For the Somm – Alarm bells are going off everywhere about potential new tariffs on European wine, and the NYT’s Eric Asimov writes, “The last month has passed in a blur of fear and dread as the industry contemplates the Trump administration’s threat to impose 100 percent tariffs on all wines imported from the European Union, along with a variety of other goods including foods, spirits and clothing.
Make no mistake, a tariff of that size, or any number close to that, would be catastrophic for Americans in the beverage and hospitality industry. A 100 percent tariff would double the price of wines in shops and restaurants, with disastrous ripple effects.”
NB: If you’re against the tariffs, the National Association of Wine Retailers has resources for getting involved on its website here.

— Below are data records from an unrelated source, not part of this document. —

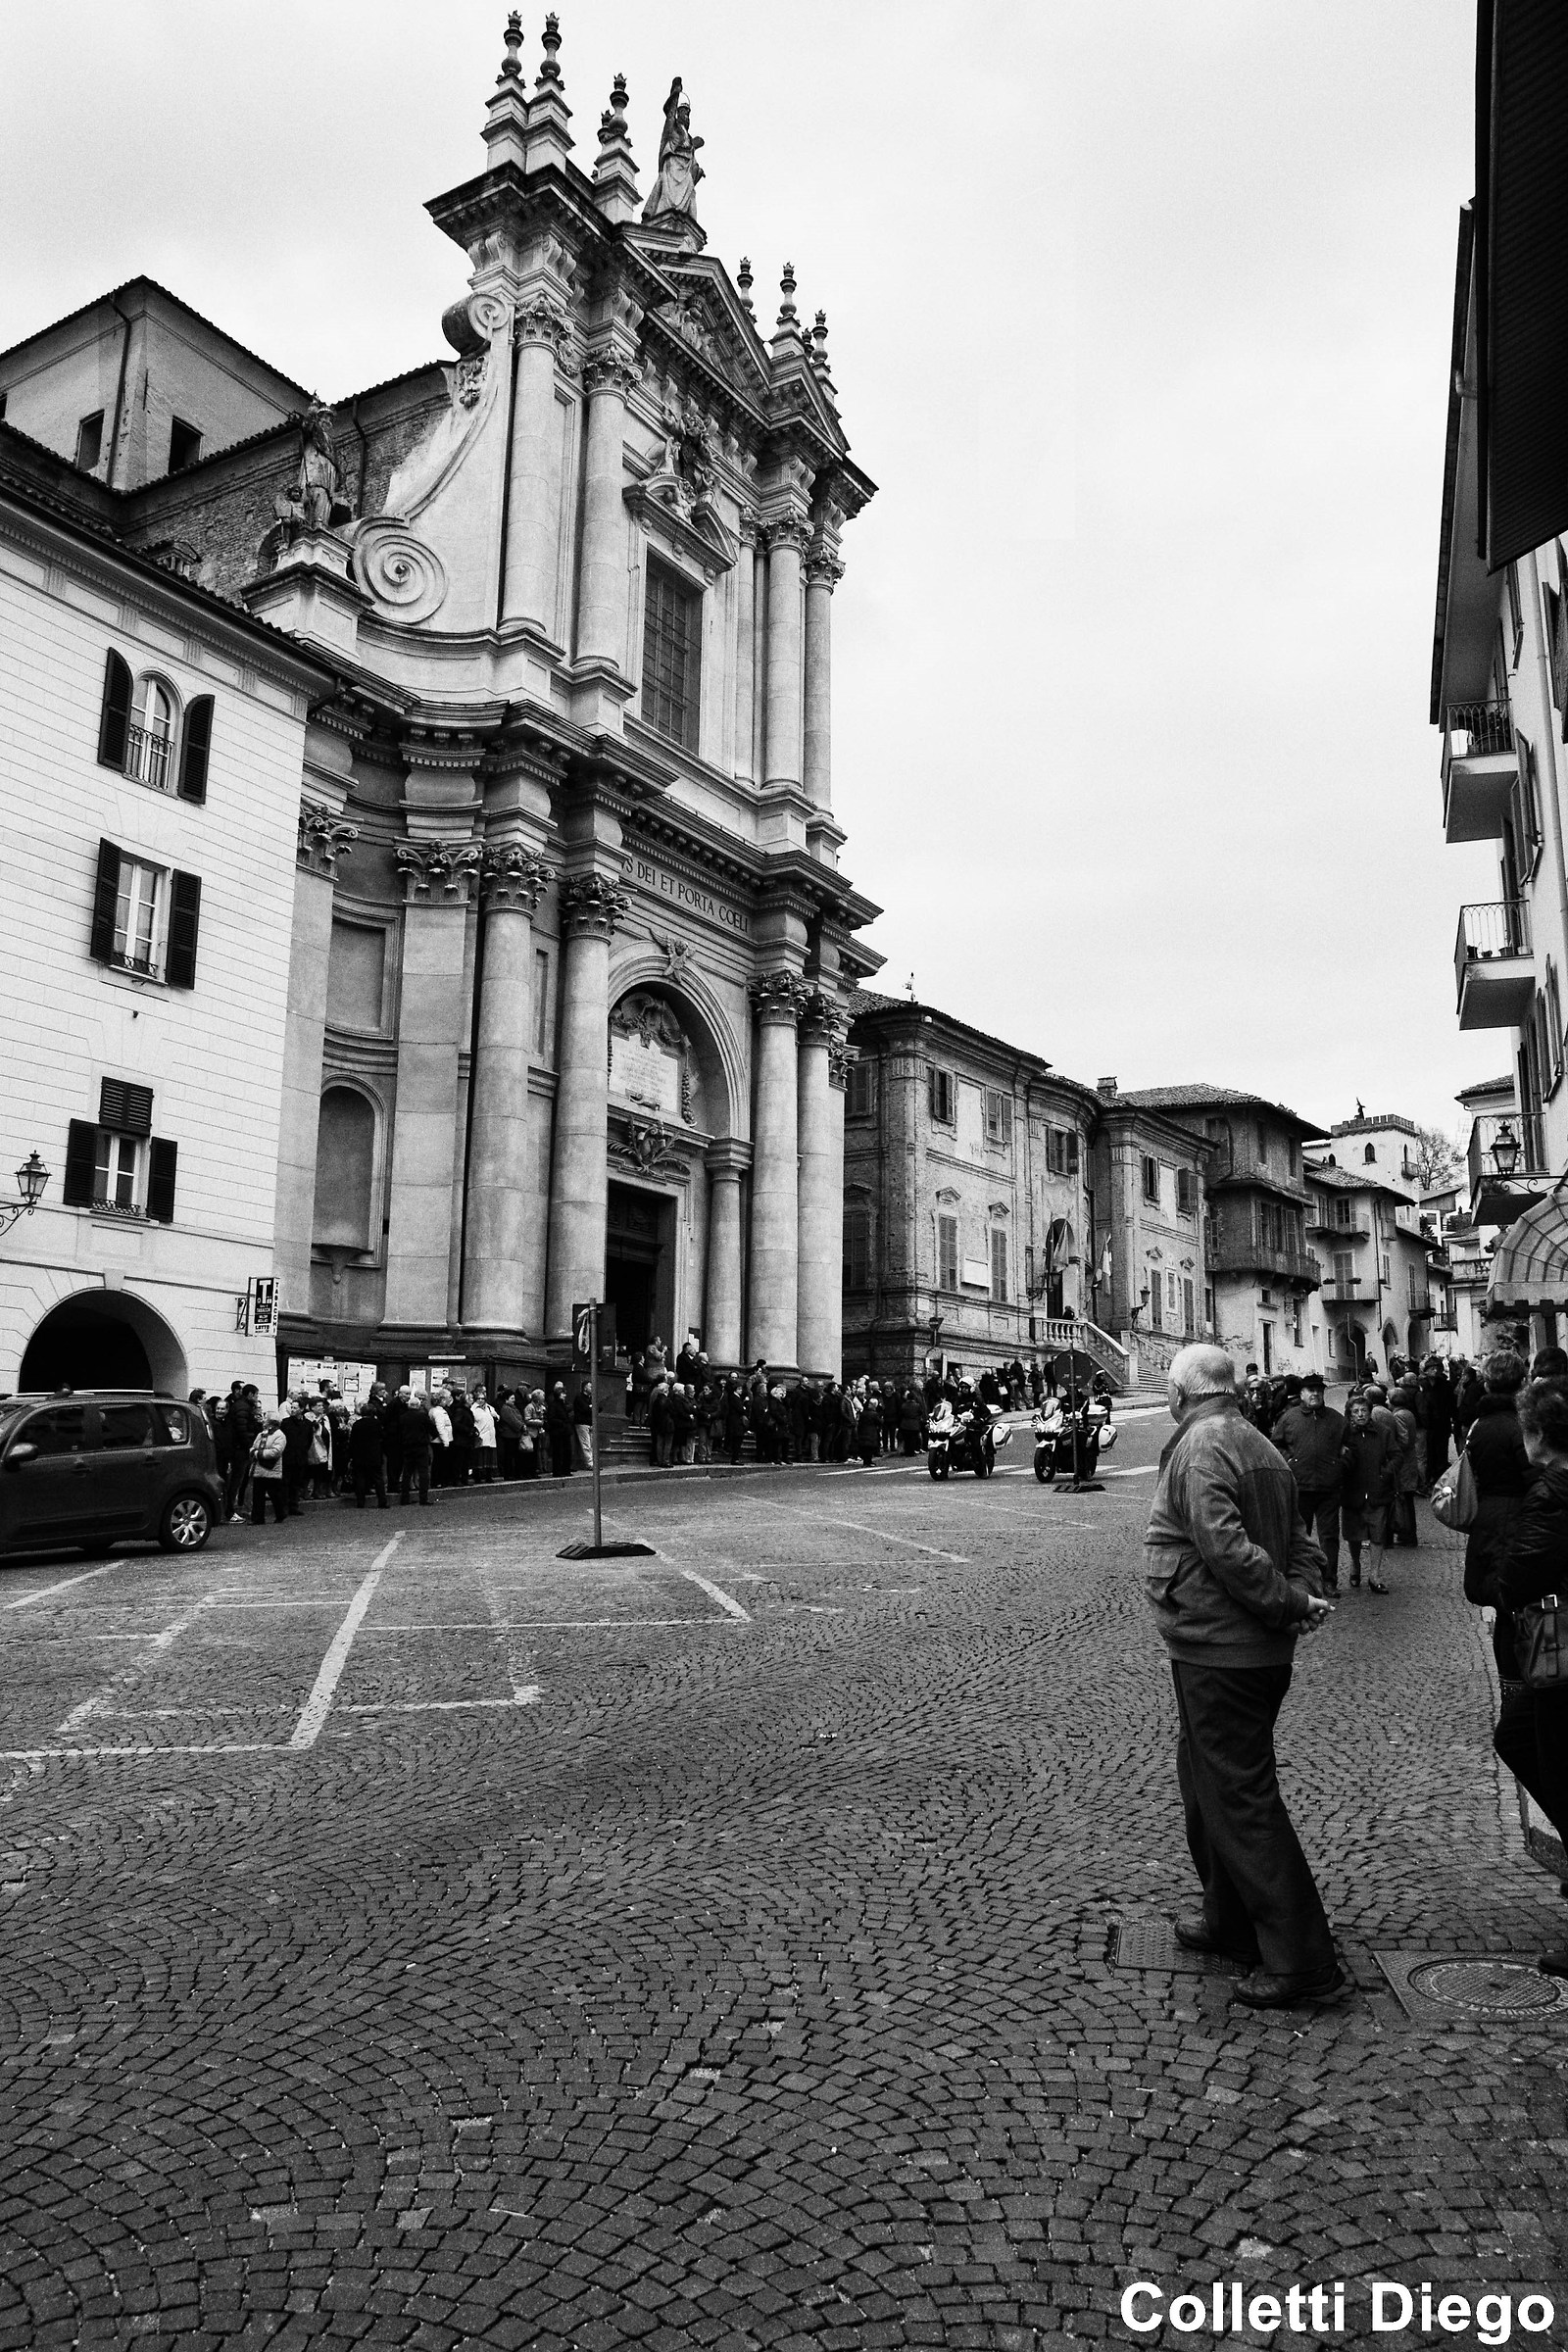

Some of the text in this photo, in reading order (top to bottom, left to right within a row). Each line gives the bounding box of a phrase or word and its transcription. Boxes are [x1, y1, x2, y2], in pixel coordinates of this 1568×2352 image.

[637, 860, 656, 886] DEI
[661, 873, 675, 895] ET
[678, 883, 714, 916] PORTA
[718, 906, 748, 932] COELI
[259, 1280, 271, 1303] T

For Design Fans – Here’s the Rey Lopez photo spread on Danny Meyer’s new place in DC. The whole space looks kind of almost there to me, but maybe I’m just bored by little bottle shelves as decor for huge walls? Or maybe it’s that with that look in that space, what a missed opportunity for an outrageous number of ceiling fans! Right? Right.

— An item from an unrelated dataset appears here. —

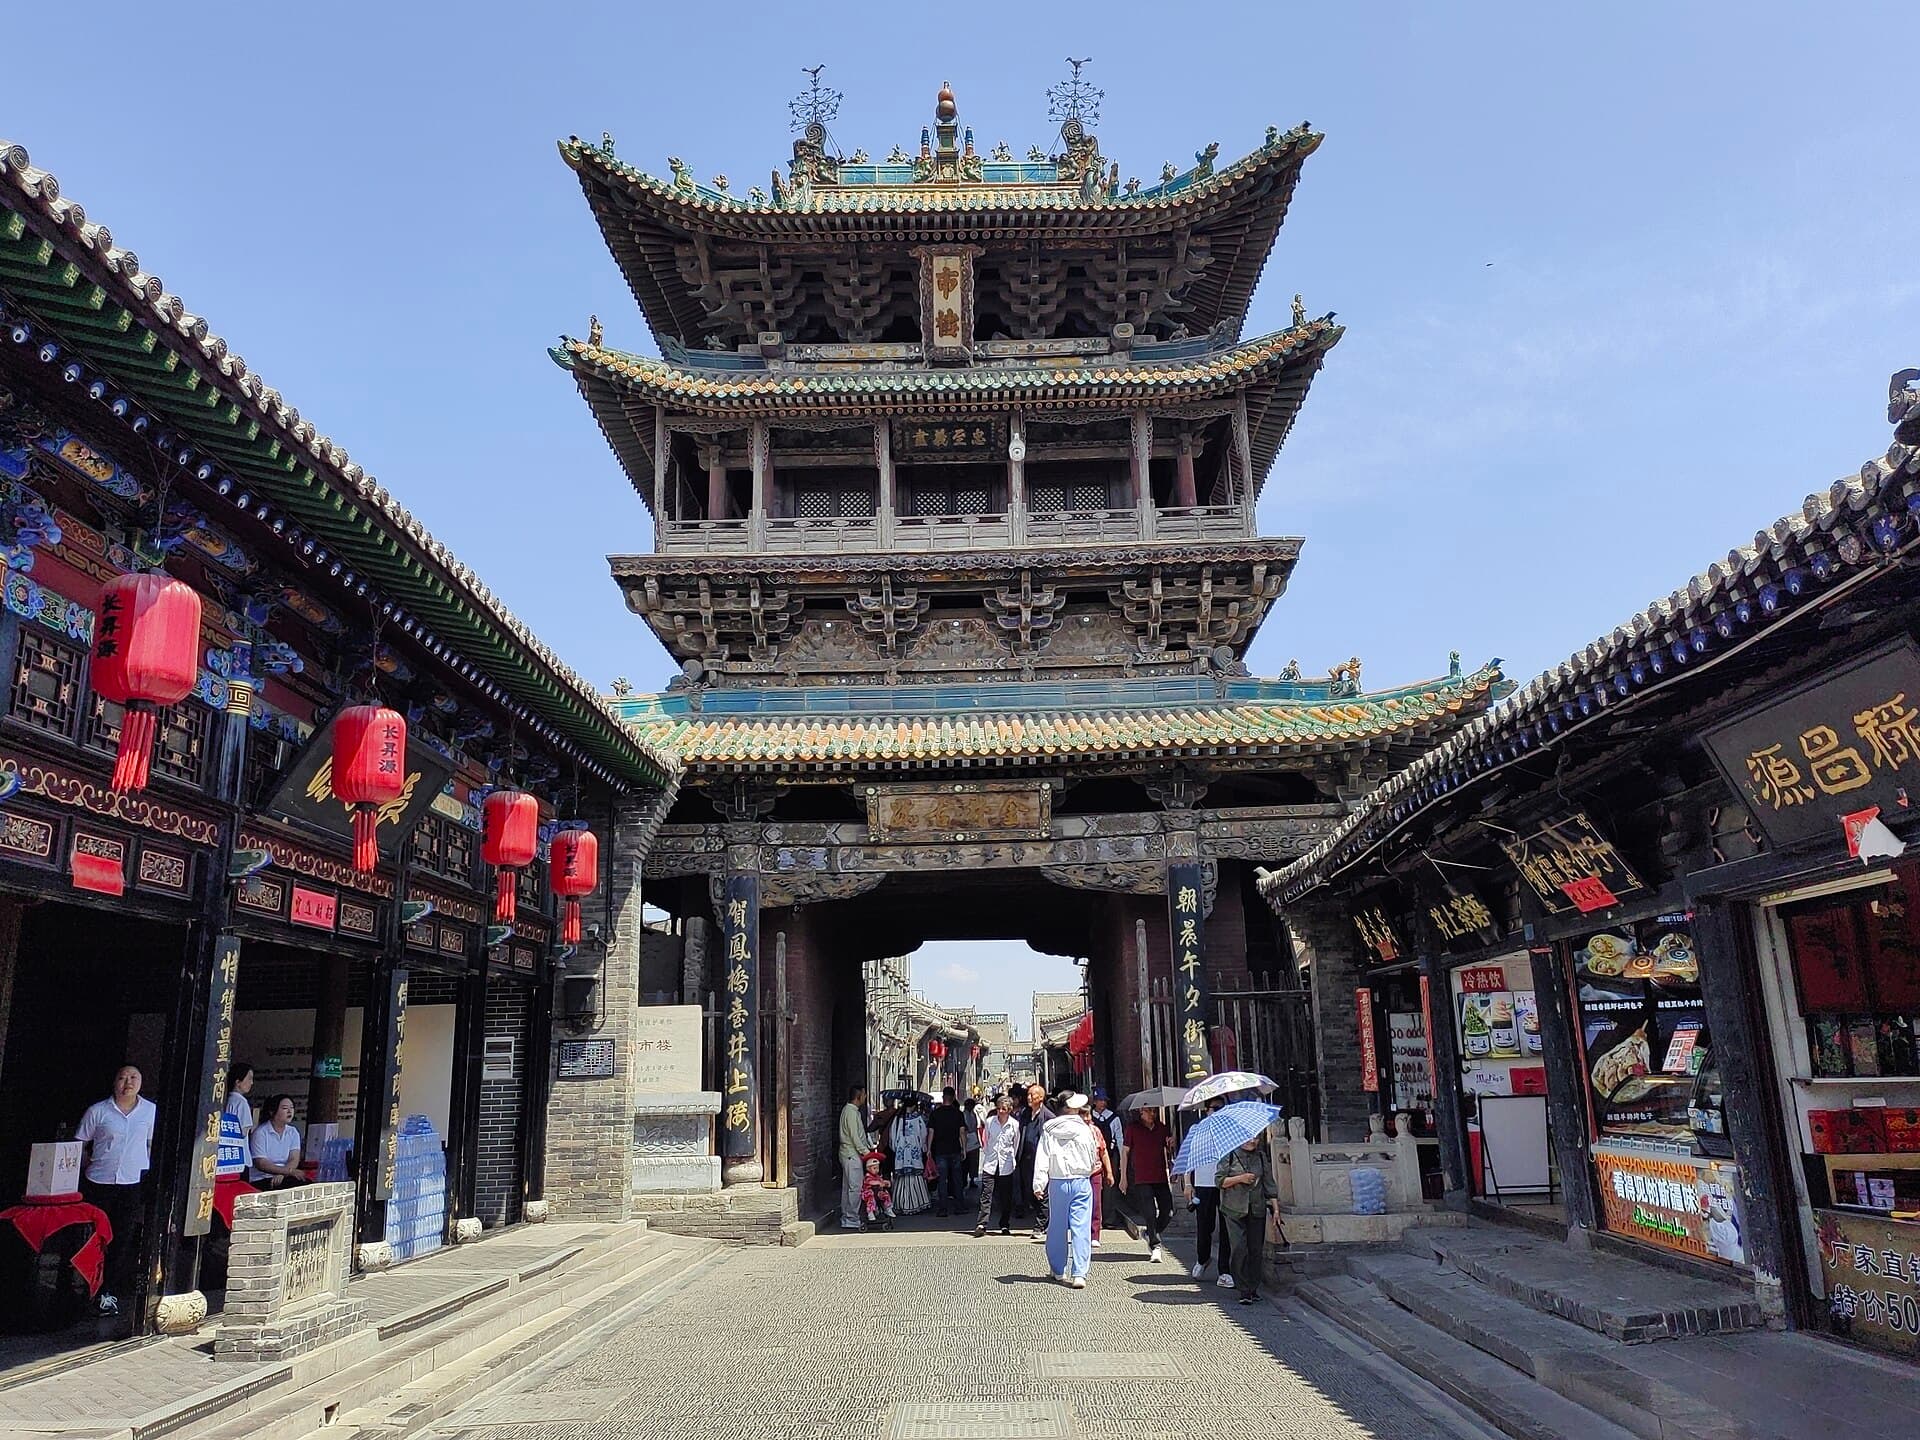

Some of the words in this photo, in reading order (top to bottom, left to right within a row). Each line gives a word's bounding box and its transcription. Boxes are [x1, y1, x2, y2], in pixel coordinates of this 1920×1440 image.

[378, 724, 399, 774] 长昇源
[1463, 970, 1502, 990] 冷热饮
[637, 1039, 673, 1052] 市楼
[1613, 1170, 1700, 1216] 看得见的新疆味

The Media (Style) – While announcing that the printed food section is moving from Thursday to Sunday, LA Times critic Patricia Escárcega let readers in on a note from their internal style guide this week as well: “If you’re a regular reader of the section, perhaps you noticed another recent change: Last month, we stopped the practice of italicizing non-English words in our food stories.” Obrigado.

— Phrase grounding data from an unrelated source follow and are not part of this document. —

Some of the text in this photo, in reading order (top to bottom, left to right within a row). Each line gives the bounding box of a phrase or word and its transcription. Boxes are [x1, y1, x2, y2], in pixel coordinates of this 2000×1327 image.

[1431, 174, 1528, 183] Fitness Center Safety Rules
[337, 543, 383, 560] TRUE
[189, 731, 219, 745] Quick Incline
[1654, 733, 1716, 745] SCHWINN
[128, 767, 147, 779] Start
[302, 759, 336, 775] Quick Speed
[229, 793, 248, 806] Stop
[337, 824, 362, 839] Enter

The Critics – There was a ton of recent media chatter around this piece from Theodore Gioia in the LA Review of Books, which attempts to discuss “The Midlife Crisis of the American Restaurant Review” by describing reviews as being 72-year old baby boomers (that math checks out, sh). If you want in on that (twitter) conversation, here’s Tim Carman lamenting alt-weekly shrinkage, former critic Stefanie Gans seconding current critic Devra First’s simply put “restaurant reviewers are consumer advocates” take, the James Beard Foundation’s Mitchell Davis calling it “a brilliant critique of restaurant criticism,” Pete Wells getting defensive with Mitchell Davis, and John Birdsall chiming in from a parallel universe where the internet doesn’t exist and marketing spend is altruistic: “All we need for a thriving culture of food critics with onramps for new writers is for all of us to pay for newspapers and classifieds, and for chefs and restaurateurs to take out display ads in print publications instead of paying for PR and IG influencers. That's it.” That’s it.
Meanwhile, I take a young Dustin Hoffman out for a chat by the pool and whisper: “I’m going to say one word to you. Just one word. Are you listening? Billboards.”
And that’s it for today.
I’ll see you here Friday for next Family Meal.